# zope permission denied error

## phitoo

After installing zope-2.7.4 and running zope-config, the server start but shuts down immediately. Manually starting runzope gives the following:

```

------

2005-03-15T18:14:01 INFO(0) ZServer HTTP server started at Tue Mar 15 18:14:01 2005

 Hostname: procyon.

 Port: 8080

------

2005-03-15T18:14:01 INFO(0) ZServer FTP server started at Tue Mar 15 18:14:01 2005

 Hostname: procyon

 Port: 8021

------

2005-03-15T18:14:01 INFO(0) Zope Set effective user to "zope"

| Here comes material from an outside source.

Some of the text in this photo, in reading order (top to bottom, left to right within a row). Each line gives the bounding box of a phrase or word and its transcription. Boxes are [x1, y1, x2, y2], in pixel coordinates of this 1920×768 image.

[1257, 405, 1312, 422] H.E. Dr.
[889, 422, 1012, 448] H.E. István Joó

Traceback (most recent call last):

  File "/usr/lib/zope-2.7.4/lib/python/Zope/Startup/run.py", line 50, in ?

    run()

  File "/usr/lib/zope-2.7.4/lib/python/Zope/Startup/run.py", line 19, in run

    start_zope(opts.configroot)

  File "/usr/lib/zope-2.7.4/lib/python/Zope/Startup/__init__.py", line 51, in start_zope

    starter.startZope()

  File "/usr/lib/zope-2.7.4/lib/python/Zope/Startup/__init__.py", line 230, in startZope

    Zope.startup()

  File "/usr/lib/zope-2.7.4/lib/python/Zope/__init__.py", line 47, in startup

    _startup()

  File "/usr/lib/zope-2.7.4/lib/python/Zope/App/startup.py", line 45, in startup

    OFS.Application.import_products()

  File "/usr/lib/zope-2.7.4/lib/python/OFS/Application.py", line 639, in import_products

    products = get_products()

  File "/usr/lib/zope-2.7.4/lib/python/OFS/Application.py", line 616, in get_products

    product_names=os.listdir(product_dir)

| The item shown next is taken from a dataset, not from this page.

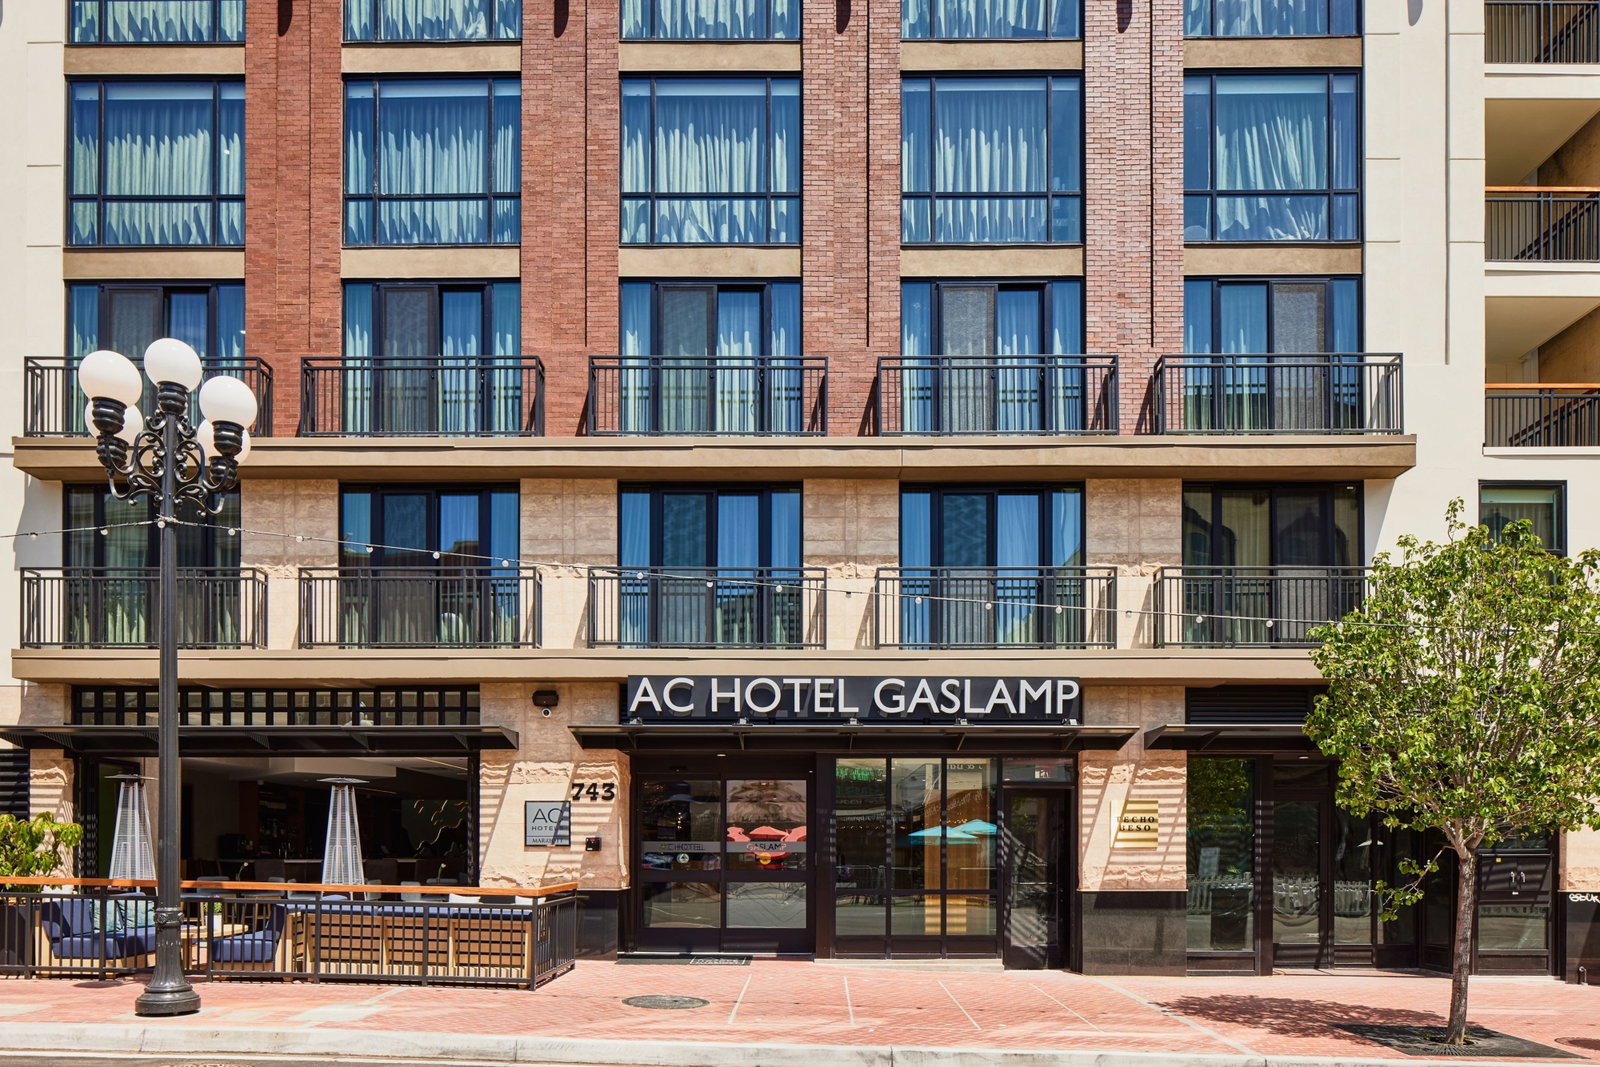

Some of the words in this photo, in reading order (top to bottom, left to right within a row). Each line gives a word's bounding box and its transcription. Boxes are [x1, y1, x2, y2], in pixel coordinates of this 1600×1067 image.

OSError: [Errno 13] Permission denied: '/var/lib/zope/zope-0/Products'

```

The instance directory is /var/lib/zope/zope-0 and is owned by zope:zope.

Permissions are 0750.

I tried setting permissions to 0777 and still get the same error.

Also tried a different user to no avail.

I checked the forums and bugzilla and there does not seem to be a known problem here. I am hoping someone has a clue.

Thanks in advance.

----------

## gUnit

I thought it was just me. I have googled the issue as well

but still nothing. If I figure it out I will post it

gentoo-unit

----------

## Sith_Happens

Are you running this as root or as some unpriviledged user besides zope?  I can't imagine what permission problem you could possibly get if you set the file permissions to 0777 and run it as root.  Perhaps it runs as the user zope regardless, and the program is trying to access something outside of the users permissions.

----------

## phitoo

OK! Got it. zope-config creates /var/lib/zope with owner root:root and perms 0700. Settings perms to 0755 clears the problem.

Wonder why more people weren't affected.

----------